Jetzt hat OSADL auf der embedded world den Startschuss für die zweite Phase des Projekts gegeben. Mit ihr verfolgt OSADL das Ziel, die Open-Source-Implementierung von OPC UA PubSub in ihrem Funktionsumfang zu vervollständigen sowie stabil und zertifizierbar zu machen. Zudem soll die zweite Projektphase die Nutzung von OPC UA über TSN in realen Produkten ermöglichen. Und schließlich soll das Ganze dem industriellen und Automatisierungs-Markt zur Verfügung gestellt werden.
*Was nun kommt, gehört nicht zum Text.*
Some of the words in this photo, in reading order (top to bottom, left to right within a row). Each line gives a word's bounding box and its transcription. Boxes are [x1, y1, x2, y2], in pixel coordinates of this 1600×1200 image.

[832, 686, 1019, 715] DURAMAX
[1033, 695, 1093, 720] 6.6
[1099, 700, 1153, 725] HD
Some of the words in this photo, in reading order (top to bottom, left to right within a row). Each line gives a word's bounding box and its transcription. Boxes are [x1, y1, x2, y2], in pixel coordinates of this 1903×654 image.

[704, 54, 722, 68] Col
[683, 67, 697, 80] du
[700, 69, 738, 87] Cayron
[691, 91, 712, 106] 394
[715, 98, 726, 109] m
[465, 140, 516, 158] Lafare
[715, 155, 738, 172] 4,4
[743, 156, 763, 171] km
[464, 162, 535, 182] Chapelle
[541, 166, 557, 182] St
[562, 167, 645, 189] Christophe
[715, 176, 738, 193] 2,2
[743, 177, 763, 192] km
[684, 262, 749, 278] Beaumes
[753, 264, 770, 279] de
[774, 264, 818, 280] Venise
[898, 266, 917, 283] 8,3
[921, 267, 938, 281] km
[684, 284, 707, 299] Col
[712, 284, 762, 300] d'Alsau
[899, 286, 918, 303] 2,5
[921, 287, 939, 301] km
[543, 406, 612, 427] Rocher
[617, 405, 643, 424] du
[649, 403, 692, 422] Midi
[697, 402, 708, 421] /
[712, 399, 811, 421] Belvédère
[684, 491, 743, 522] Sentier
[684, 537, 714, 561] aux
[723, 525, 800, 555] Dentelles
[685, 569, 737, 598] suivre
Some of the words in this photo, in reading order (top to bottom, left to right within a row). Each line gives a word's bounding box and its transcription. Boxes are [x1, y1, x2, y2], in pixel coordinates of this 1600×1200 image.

Auf der Software-Seite sollen eine Konfiguration von TSN-Endpunkten, eine generische Schnittstelle zu TSN und ein Security-Layer entwickelt sowie die Echtzeitfähigkeit von OPC UA verbessert werden. Darüber hinaus will OSADL auch Zertifizierungshilfe und zugehörige Code-Korrekturen von OPC UA und PubSub anbieten. Das Fraunhofer-Institut für Optronik, Systemtechnik und Bildauswertung (IOSB) wird die Entwicklung des OPC-UA-Parts übernehmen, und das Unternehmen Kalycito wird für die Integration der Gesamtlösung zuständig sein.

»Wir betrachten Kommunikations-Protokolle als Basistechnologie«, erläutert OSADL-Geschäftsführer Dr. Carsten Emde. »Daher sollte ihre Implementierung unter einer Open-Source-Lizenz verfügbar sein, die es erlaubt, die Software in Kombination mit proprietären Programmen zu verwenden. Unternehmen brauchen nicht ihr spezifisches Wissen preisgeben, sondern es geht darum, genau das öffentlich verfügbar zu machen, was alle brauchen. Wichtig ist für Unternehmen, auf einen guten Mix aus proprietärem und Open-Source-Wissen zu achten.«

Angelegt ist das Projekt zunächst für ein halbes Jahr; wenn möglichst viele Unternehmen teilnehmen und ihre finanzielle Unterstützung für die Entwicklung entsprechender Software einbringen, könne es auch deutlich länger dauern. »Je mehr Teilnehmer wir für das Projekt gewinnen, desto mehr Mittel stehen zur Verfügung, und desto mehr und bessere Software lässt sich produzieren«, sagt Dr. Carsten Emde.